SI
SI
discoversearch

We've detected that you're using an ad content blocking browser plug-in or feature. Ads provide a critical source of revenue to the continued operation of Silicon Investor.  We ask that you disable ad blocking while on Silicon Investor in the best interests of our community.  If you are not using an ad blocker but are still receiving this message, make sure your browser's tracking protection is set to the 'standard' level.
Politics : The Environmentalist Thread -- Ignore unavailable to you. Want to Upgrade?


To: Bread Upon The Water who wrote (25129)9/4/2009 2:05:44 AM
From: Maurice Winn2 Recommendations  Read Replies (1) | Respond to of 36918
 
My climate model from 22 years ago is better than the models they run now. My model showed that CO2 is a good thing and not a pollutant.

The models showing runaway warming are obviously wrong because there isn't runaway warming, nor sea level rise.

It's a competition between models to see which best matches what happens. So far, mine is going well.

Models are just different ideas about what might happen. Anyone can make a model.

Mqurice



To: Bread Upon The Water who wrote (25129)9/4/2009 11:32:31 AM
From: longnshort  Read Replies (1) | Respond to of 36918
 
computer models??? do you think a computer engineer would know how a computer model would work and the flaws that could be in it ??



To: Bread Upon The Water who wrote (25129)9/5/2009 1:13:45 AM
From: Maurice Winn1 Recommendation  Read Replies (1) | Respond to of 36918
 
Vint, engineers are long on science and causal relationships. Before they even get into engineering, they have to perform science at a higher level than do people who go on to do science degrees.

<Engineering is not a discipline usually associated with environmental studies--although civil engineering usually studies how their projects may effect the local environment. >

In fact, civil engineering includes geology, not just "local environment". There is everything from relativity theory to high level maths, chemistry and materials science.

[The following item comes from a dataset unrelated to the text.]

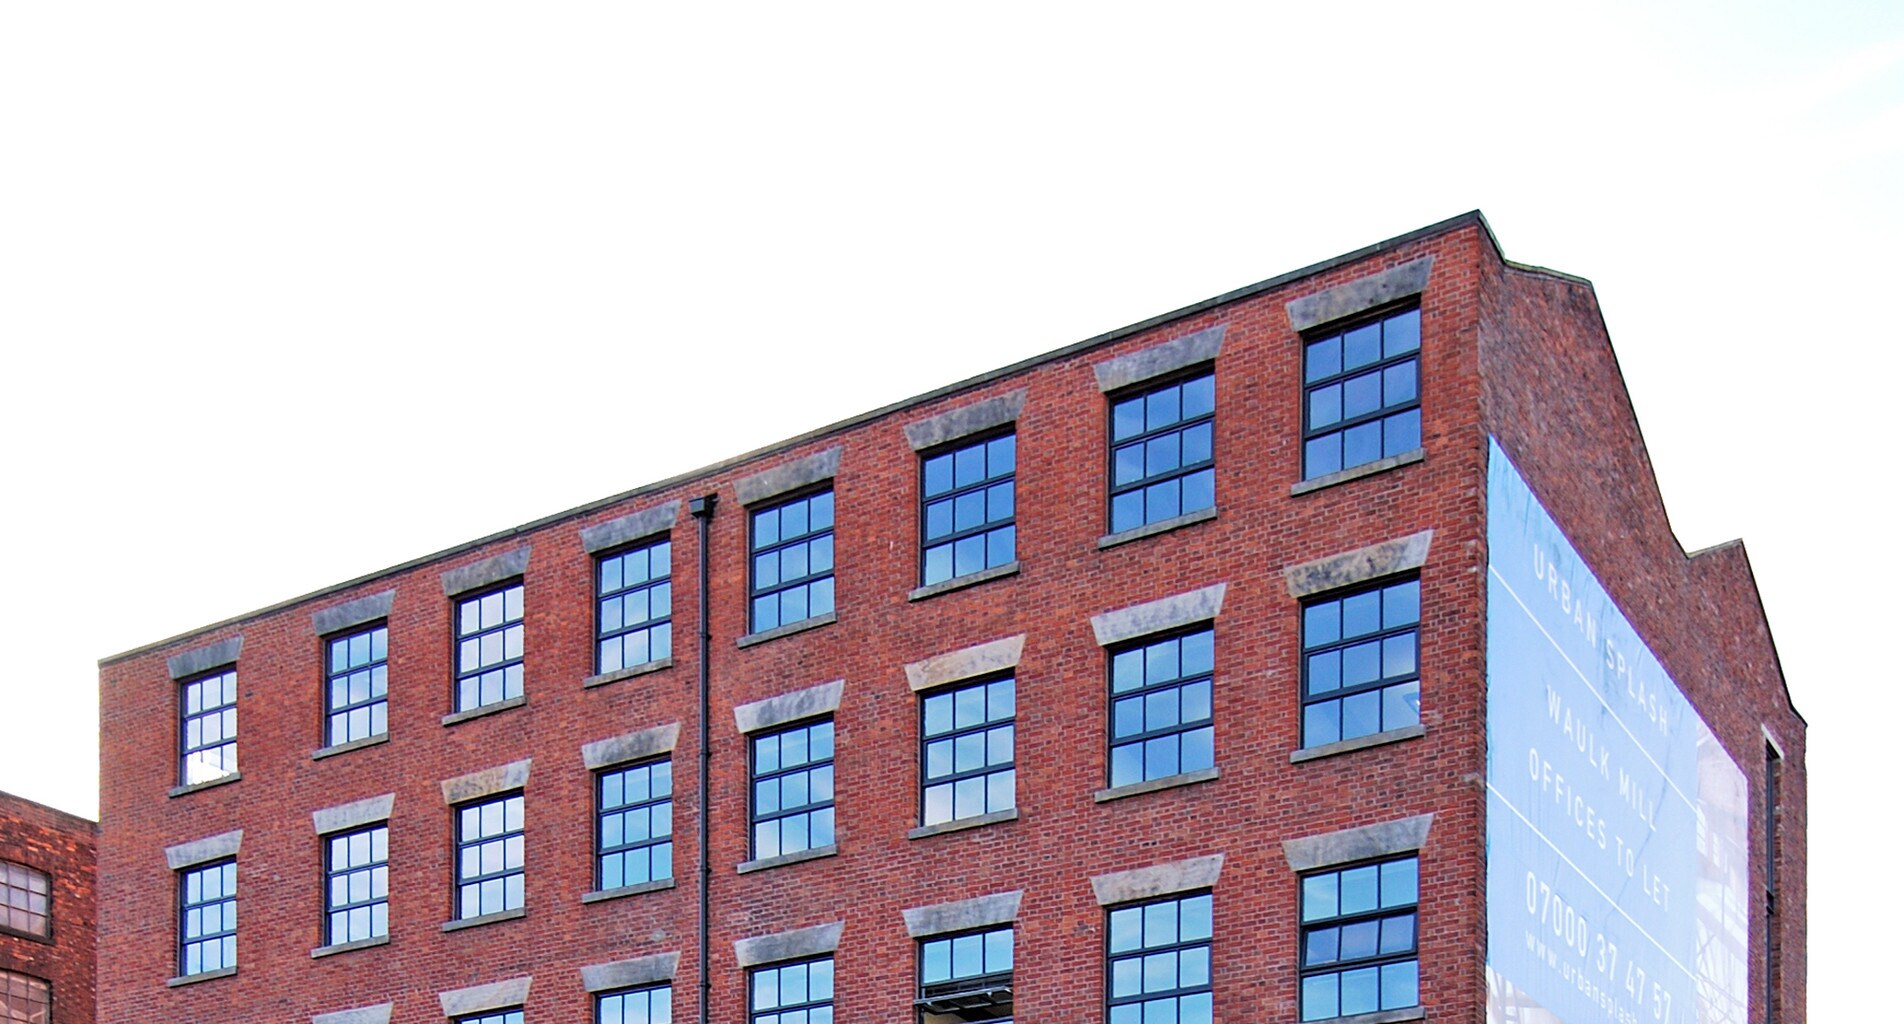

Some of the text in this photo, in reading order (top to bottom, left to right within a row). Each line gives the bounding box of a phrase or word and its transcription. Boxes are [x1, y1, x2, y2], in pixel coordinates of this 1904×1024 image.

My job in BP included environmental studies. The oil industry is full of chemistry and the biological effects of it - laboratory people for a start are involved with all sorts of chemistry.

Who do you think handles all the poop that comes out of people? It's engineers with their knowledge of environmental issues too. Engineers can easily read up on environmental issues and understand them and come up with good ideas which are actually rational and economic. Hand-waving environmental enthusiasts who say you can't put a price on human life might mean well, but are not much use in actually making things happen in a sensible way. We can put a price on human life and those Denialists do too, though they claim prices can't be assigned. The price they put on life is actually shockingly low. People don't need to actually say a number with a dollar sign. We can judge by their actions what they really think various human lives are worth.